The death penalty in general is a leading topic with respect to Iran’s human rights abuses, as the Islamic Republic is consistently the nation with the highest per-capita rate of executions in the world. This record has only gotten worse in the past two years under supposedly moderate President Hassan Rouhani. It is generally expected that the final tally of executions for the year 2015 will exceed 1,000. The vast majority of these executions are reportedly of non-violent drug offenders.

Earlier in the week, the International Campaign for Human Rights in Iran reported that domestic attitudes on this particular issue may be shifting as 70 members of the Iranian parliament have introduced a bill to end the death penalty for most drug offenders. But as Iran News Update previously emphasized, the commentary surrounding this initiative raises serious doubts about its seriousness.

Mohammad Javad Larijani, the head of the Iranian judiciary’s Human Rights Council, claimed to support the bill but said that it would take a very long time to pass into law, during which “Westerners should respect our current laws.” A similar initiative was brought before parliament last year but did not move forward. There is no clear reason why the current initiative would fare any better, much less pass the extensive review by leading religious clerics, which must be carried out on all major Iranian laws.

In contrast to reform bills, judicial efforts to reaffirm Iran’s existing laws and customs have done quite well. Amnesty International reported last week that Iran’s apparent response to the human rights organization’s call for an end to executions of juvenile offenders was to uphold the capital convictions of two juvenile offenders previously identified by Amnesty.

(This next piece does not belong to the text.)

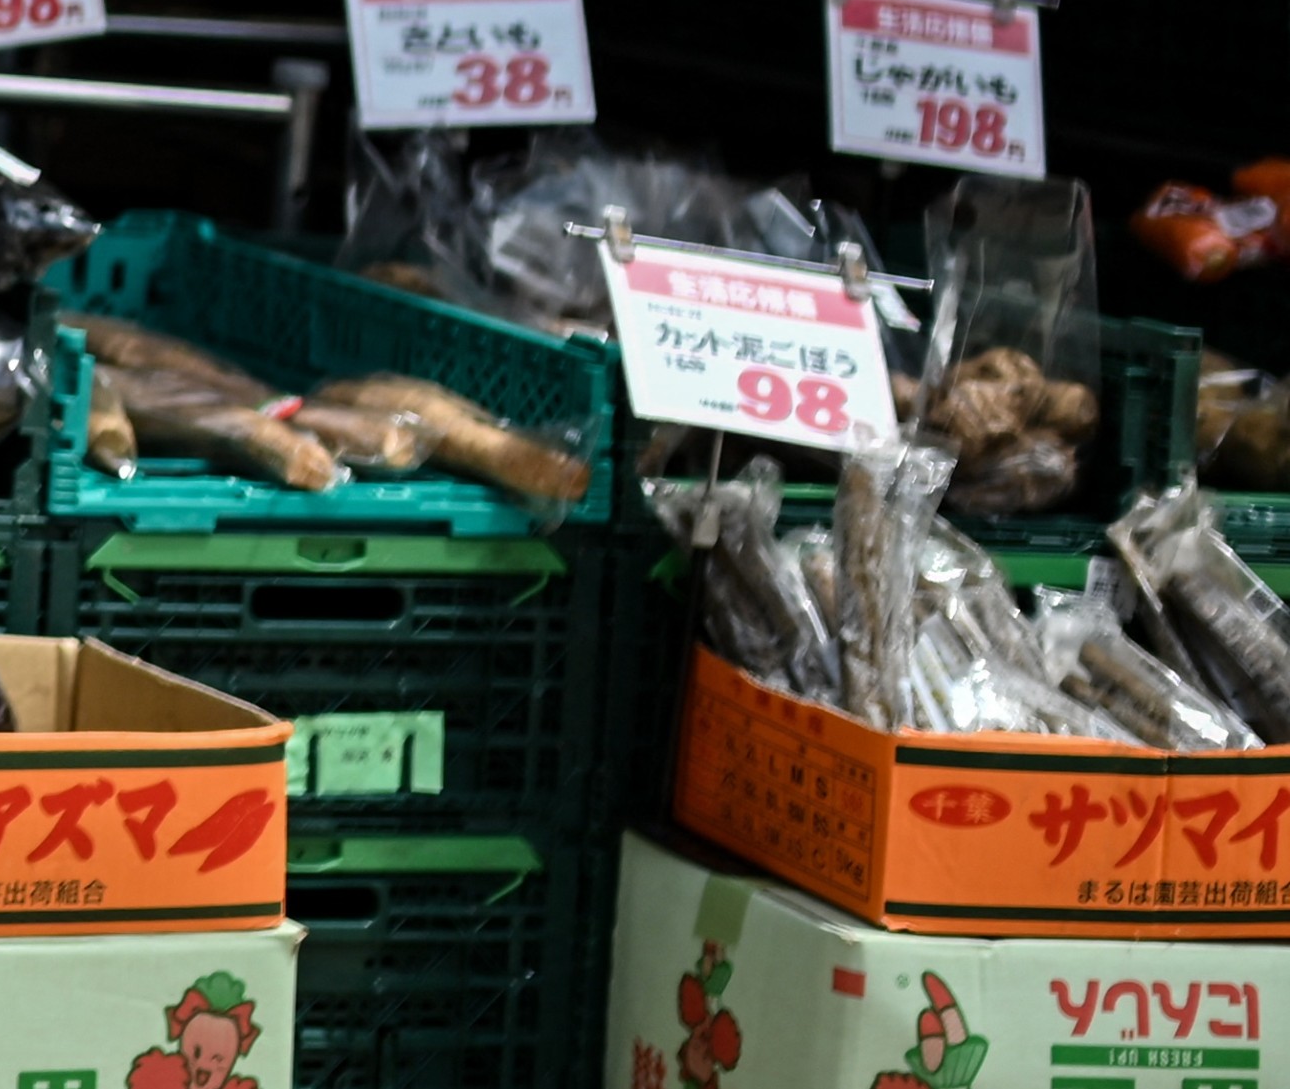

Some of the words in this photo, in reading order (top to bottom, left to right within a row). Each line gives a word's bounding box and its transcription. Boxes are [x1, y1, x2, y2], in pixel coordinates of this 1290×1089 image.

Since then, Iran has continued to act in defiance of the near-universal standard for the minimum age for capital convictions. The execution of persons who were under age 18 at the time of their crimes is outlawed by the Convention on the Rights of the Child and the International Covenant on Civil and Political Rights, both of which Iran has signed.

Iran Human Rights reported that on Monday Iran had apparently carried out the execution by hanging of one of its juvenile offenders. In keeping with the judiciary’s standard practices, the individual was held on death row until after he had reached the age of majority, with the execution in the case being carried out while the convict was 20 years old. The same fate awaits a number of other accused juvenile offenders, including four who are being held in one particular prison, according to the Human Rights Activists News Agency. One of these individuals was only 14 years old at the time of his arrest. And reports indicate that the four persons may yet be joined by a fifth juvenile offender in Sanandaj Prison, whose case is currently under review.

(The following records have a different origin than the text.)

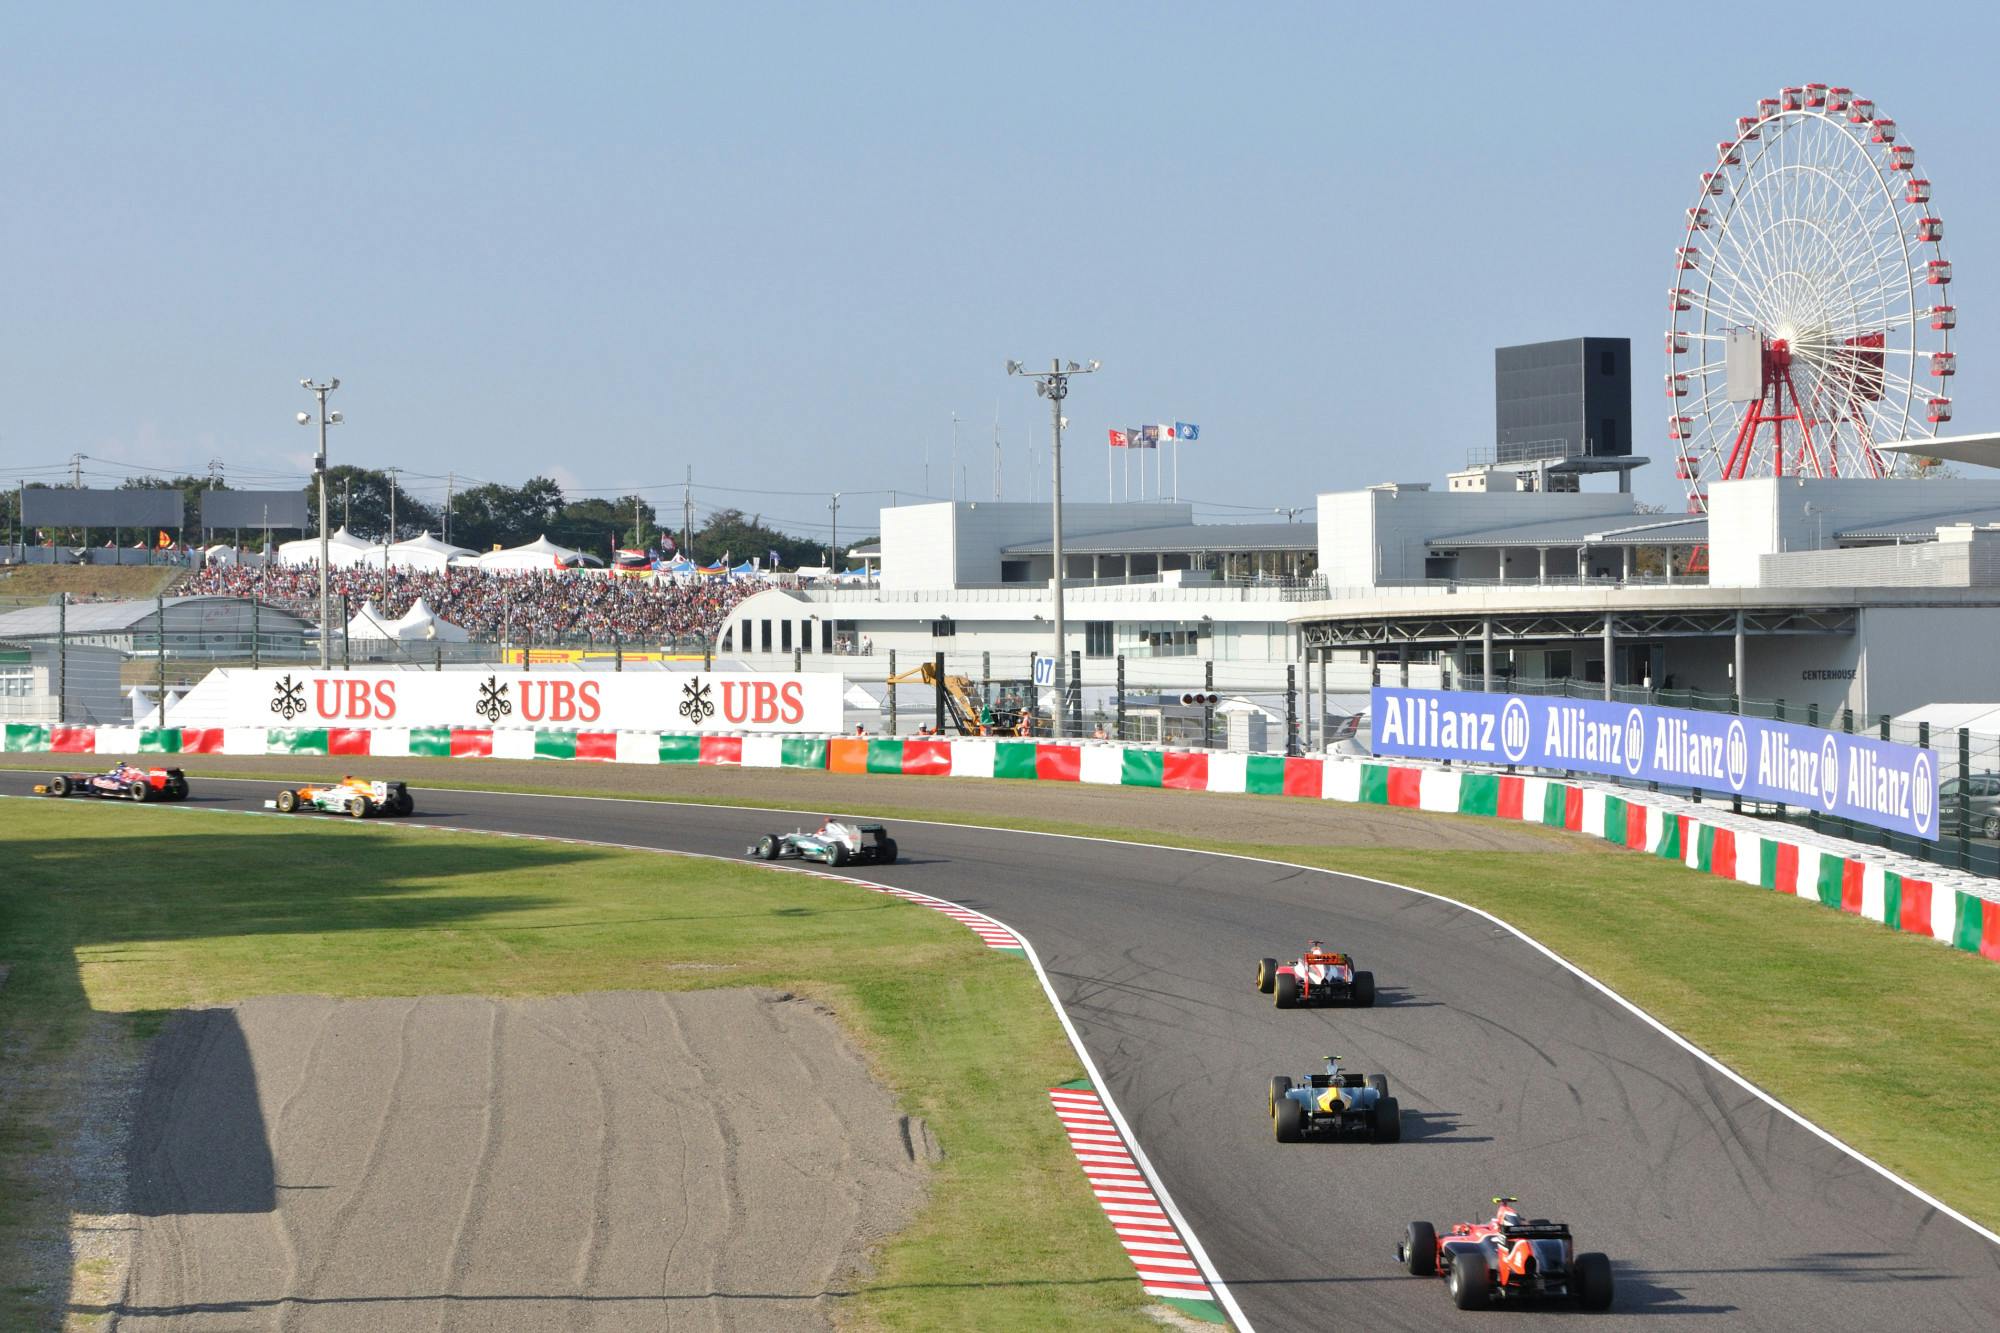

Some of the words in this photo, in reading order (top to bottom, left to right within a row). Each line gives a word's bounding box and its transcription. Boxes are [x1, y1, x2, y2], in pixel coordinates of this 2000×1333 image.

[1035, 658, 1053, 684] 07
[1802, 670, 1857, 680] CENTERHOUSE
[315, 679, 396, 720] UBS
[520, 680, 601, 722] UBS
[721, 681, 804, 724] UBS
[1381, 696, 1495, 752] Allianz
[1544, 706, 1622, 764] Allianz
[1653, 716, 1724, 779] Allianz
[1757, 729, 1819, 797] Allianz
[1846, 745, 1911, 819] Allianz

These particular juvenile offenders have reportedly been convicted of murder, meaning that their executions, individually, would not raise public awareness outside of Iran if not for the shocking fact of their ages. But even putting this factor aside, the sheer volume of executions still raises concerns among many international activist groups.

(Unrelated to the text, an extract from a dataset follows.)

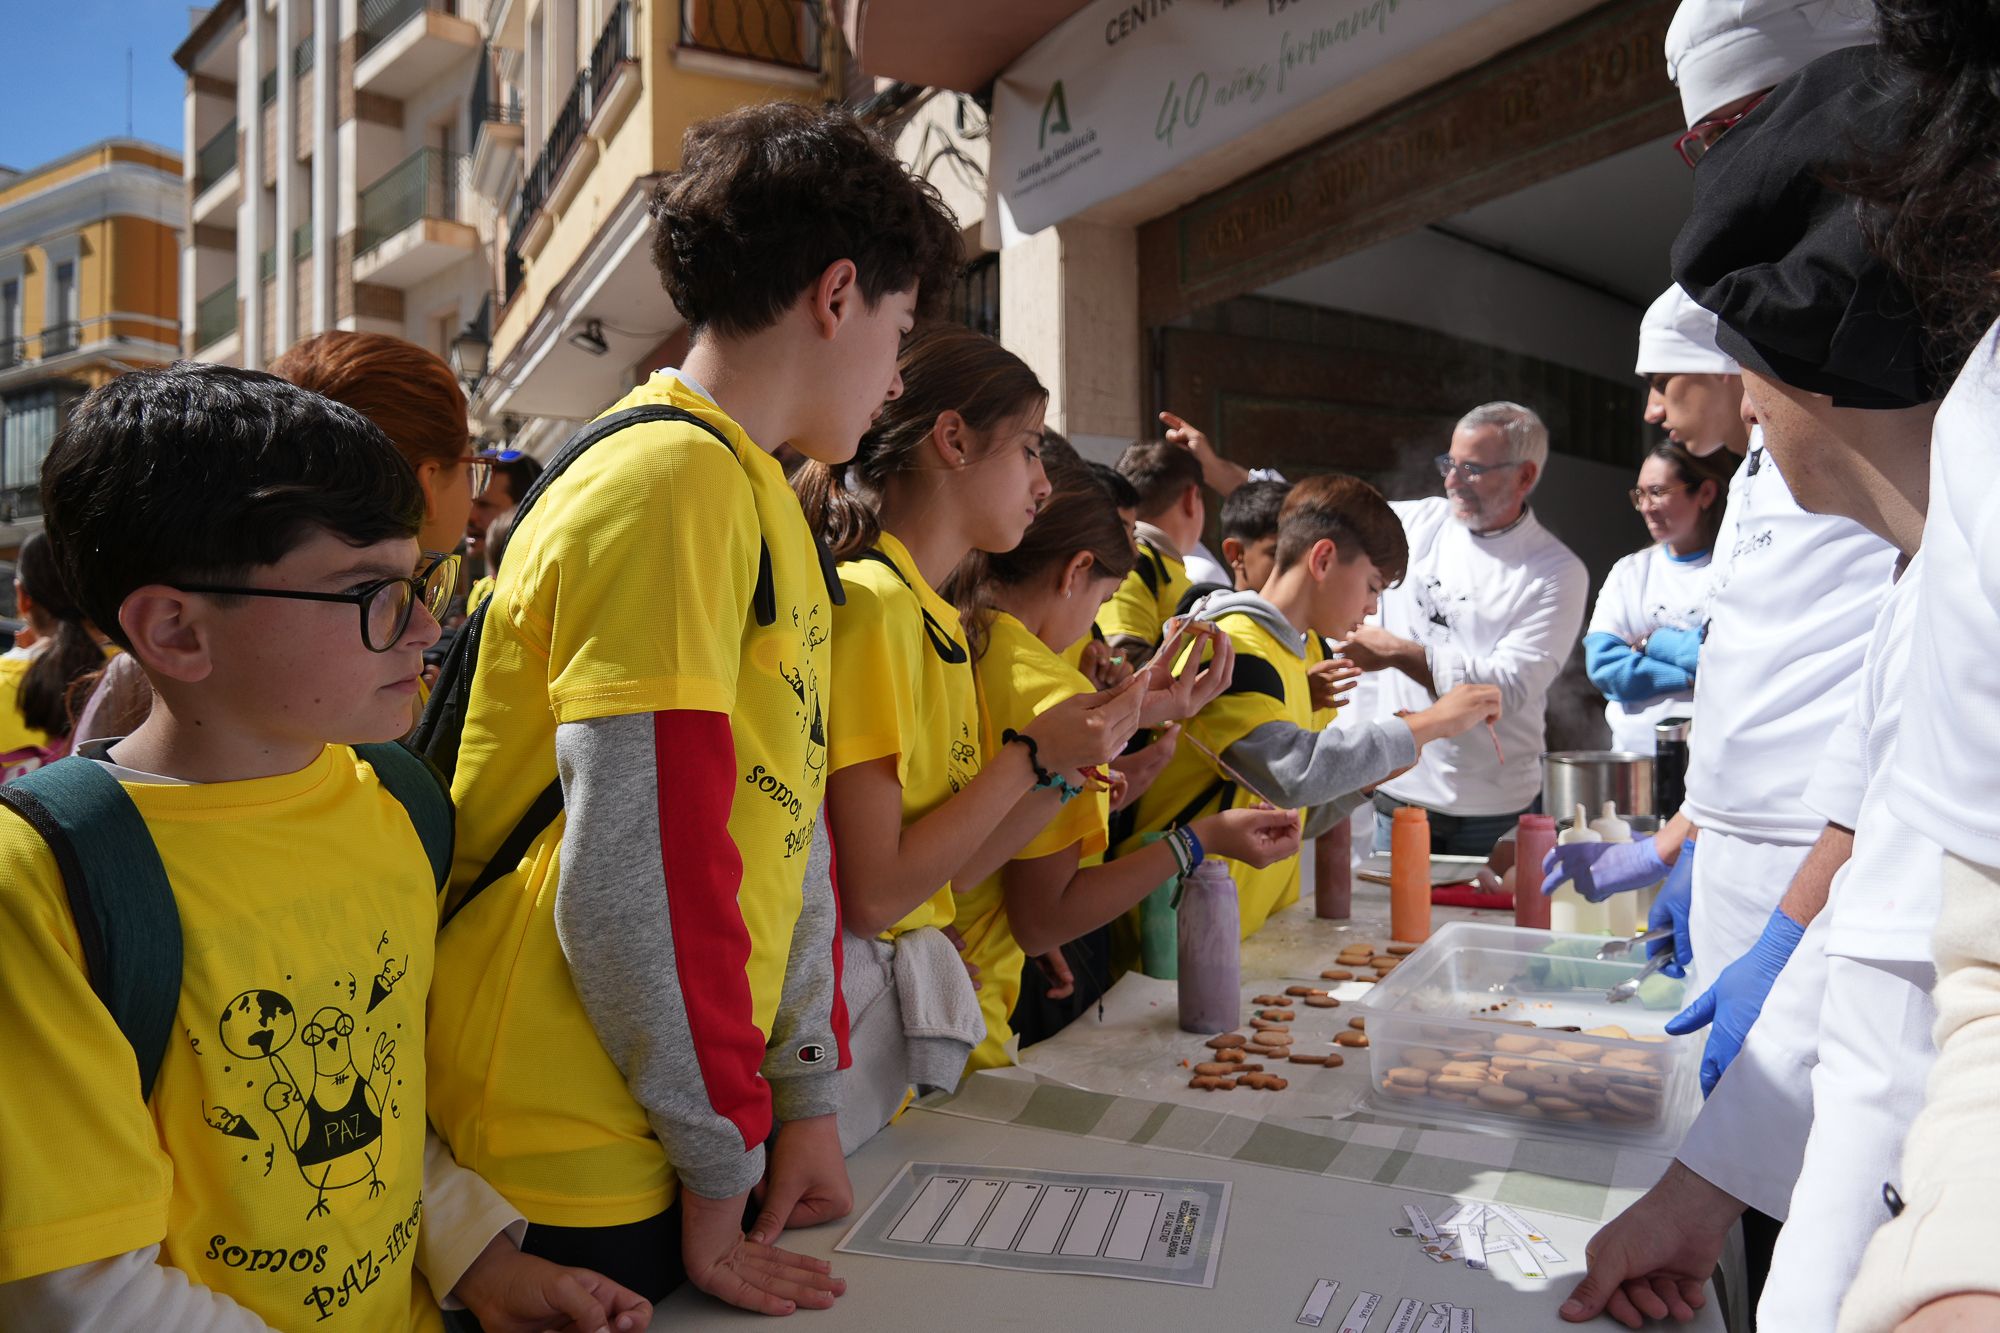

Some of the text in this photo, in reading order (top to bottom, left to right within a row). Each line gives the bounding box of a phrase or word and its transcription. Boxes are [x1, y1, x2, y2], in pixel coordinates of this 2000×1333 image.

[1154, 71, 1210, 149] 40
[1503, 77, 1541, 127] DE
[1578, 27, 1665, 98] FOR
[323, 1113, 367, 1149] PAZ

Iran Human Rights reported on Wednesday that three individuals had been hanged in Rajai Shahr Prison on that day, and one in Tabriz Central Prison. All were reportedly hanged for violent crimes, although no official acknowledgement of the executions has been granted by the judiciary. Seven others in Gharchak Varamin Prison were scheduled to be executed that same day, but they were instead returned to their cells. This is indicative of another objectionable practice in the Islamic Republic whereby death row inmates may be repeatedly moved into solitary confinement in preparation for their executions and then later returned to their ordinary cells.

Overall, Iran has maintained a rate of more than three executions per day this year, and the number of daily threats of execution is certainly much higher than that. Despite the volume of supposedly violent criminals involved in the above-mentioned incidents, not all of these death row inmates have even been convicted of offenses that would be understood as crimes by the international community.

According to the Human Rights Activists News Agency, eight examples of such wrongful convictions came recently emerged in the city of Ahwaz, where civil and political activists were sentenced to the death penalty for the vague religious crime of sacrilege or “enmity against God.”